Vu les autres pièces du dossier.
Vu
- le code de l’entrée et du séjour des étrangers et du droit d’asile ;
- le code de justice administrative.
Considérant ce qui suit :
M. B…, de nationalité albanaise, relève appel du jugement par lequel le tribunal administratif de Nice a rejeté sa demande dirigée contre l’arrêté du préfet des Alpes-Maritimes du 29 février 2024 lui refusant la délivrance d’un titre de séjour, l’obligeant à quitter le territoire français dans un délai de trente jours et fixant le pays de sa destination, en reprenant, pour l’essentiel, les moyens invoqués devant les premiers juges.
2. En premier lieu, hormis le cas où le juge de première instance a méconnu les règles de compétence, de forme ou de procédure qui s’imposaient à lui et a ainsi entaché son jugement d’une irrégularité, il appartient au juge d’appel, non d’apprécier le bien-fondé des motifs par lesquels le juge de première instance s’est prononcé sur les moyens qui lui étaient soumis, mais de se prononcer directement sur les moyens dirigés contre la décision administrative contestée dont il est saisi dans le cadre de l’effet dévolutif de l’appel. Le requérant ne peut donc utilement se prévaloir d’erreurs de fait ou d’erreurs d’appréciation qu’aurait commis le magistrat désigné du tribunal pour demander l’annulation du jugement attaqué.

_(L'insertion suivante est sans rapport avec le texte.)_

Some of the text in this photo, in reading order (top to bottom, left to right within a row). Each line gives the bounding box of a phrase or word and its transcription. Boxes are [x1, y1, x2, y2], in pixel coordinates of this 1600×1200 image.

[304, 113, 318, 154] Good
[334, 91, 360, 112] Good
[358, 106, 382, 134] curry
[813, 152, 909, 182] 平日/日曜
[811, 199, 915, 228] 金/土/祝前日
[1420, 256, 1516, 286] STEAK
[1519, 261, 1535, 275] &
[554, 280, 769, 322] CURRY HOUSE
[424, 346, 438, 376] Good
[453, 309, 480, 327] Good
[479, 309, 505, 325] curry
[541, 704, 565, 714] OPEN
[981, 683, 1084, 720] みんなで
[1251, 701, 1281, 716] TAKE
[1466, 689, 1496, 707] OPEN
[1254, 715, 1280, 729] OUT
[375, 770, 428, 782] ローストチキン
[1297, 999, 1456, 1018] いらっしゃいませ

3. En deuxième lieu, aux termes du 3° de l’article L. 511-1 du code de l’entrée et du séjour des étrangers et du droit d’asile : « La qualité de réfugié est reconnue : (…) : 3° A toute personne qui répond aux définitions de l’article 1er de la convention de Genève du 28 juillet 1951 relative au statut des réfugiés. Ces personnes sont régies par les dispositions applicables aux réfugiés en vertu de la convention de Genève susmentionnée. »
4. Il résulte de ces dispositions qu’il n’appartient qu’à l’Office français de protection des réfugiés et apatrides et, le cas échéant, à la Cour nationale du droit d’asile, de se prononcer sur le droit d’un étranger à être admis au bénéfice de l’asile ou de la protection subsidiaire. Dès lors, M. B… ne peut se prévaloir de la méconnaissance des dispositions de l’article L. 511-1 du code de l’entrée et du séjour des étrangers et du droit d’asile à l’appui de ses conclusions dirigées contre l’arrêté du 29 février 2024 du préfet des Alpes-Maritimes.

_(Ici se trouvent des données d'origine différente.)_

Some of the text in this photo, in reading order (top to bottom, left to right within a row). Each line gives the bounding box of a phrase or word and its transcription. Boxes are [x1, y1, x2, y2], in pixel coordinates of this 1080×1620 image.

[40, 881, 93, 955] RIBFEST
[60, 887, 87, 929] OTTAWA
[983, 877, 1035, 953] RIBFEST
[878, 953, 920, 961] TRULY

5. En troisième lieu, s’agissant des autres moyens invoqués par M. B… tirés de ce qu’il ne pouvait pas faire l’objet d’une décision de refus de séjour sur le fondement de l’article L. 412-5 du code de l’entrée et du séjour des étrangers et du droit d’asile, de la méconnaissance des articles L. 435-1 et L. 423-23 du même code et de l’erreur manifeste d’appréciation quant à l’intensité des liens personnels et professionnels du requérant avec la France, qui avaient été précédemment invoqués en première instance, à l’appui desquels le requérant reprend purement et simplement l’argumentation soumise aux juges de première instance, il y a lieu de les écarter par adoption des motifs retenus par le tribunal administratif, respectivement aux points 4 à 9 de son jugement. A cet égard, la production en appel des justificatifs de présence en France de ses enfants et de ses petits-fils ne fait que confirmer le contenu des pièces produites en première instance.

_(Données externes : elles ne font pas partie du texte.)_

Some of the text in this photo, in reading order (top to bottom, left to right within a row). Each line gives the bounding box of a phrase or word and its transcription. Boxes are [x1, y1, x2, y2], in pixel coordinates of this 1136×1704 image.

6. En dernier lieu, il ne ressort pas des pièces du dossier, ni des termes de l’arrêté litigieux, que M. B… aurait présenté une demande de titre de séjour sur « la base des dispositions de l’article L. 423-7 du code de l’entrée et du séjour des étrangers et du droit d’asile ». A le supposer soulevé, le moyen tiré de la méconnaissance de ces dispositions ne peut qu’être écarté.
7. Il résulte de ce qui précède que la requête d’appel de M. B…, qui est manifestement dépourvue de fondement, au sens des dispositions du dernier alinéa de l’article R. 222-1 du code de justice administrative, doit être rejetée, en application de ces dispositions, y compris celles présentées au titre de l’article L. 761-1 du code de justice administrative.
O R D O N N E :
Article 1er : La requête de M. B… est rejetée.
Article 2 : La présente ordonnance sera notifiée à M. A… B….
Copie en sera adressée au préfet des Alpes-Maritimes.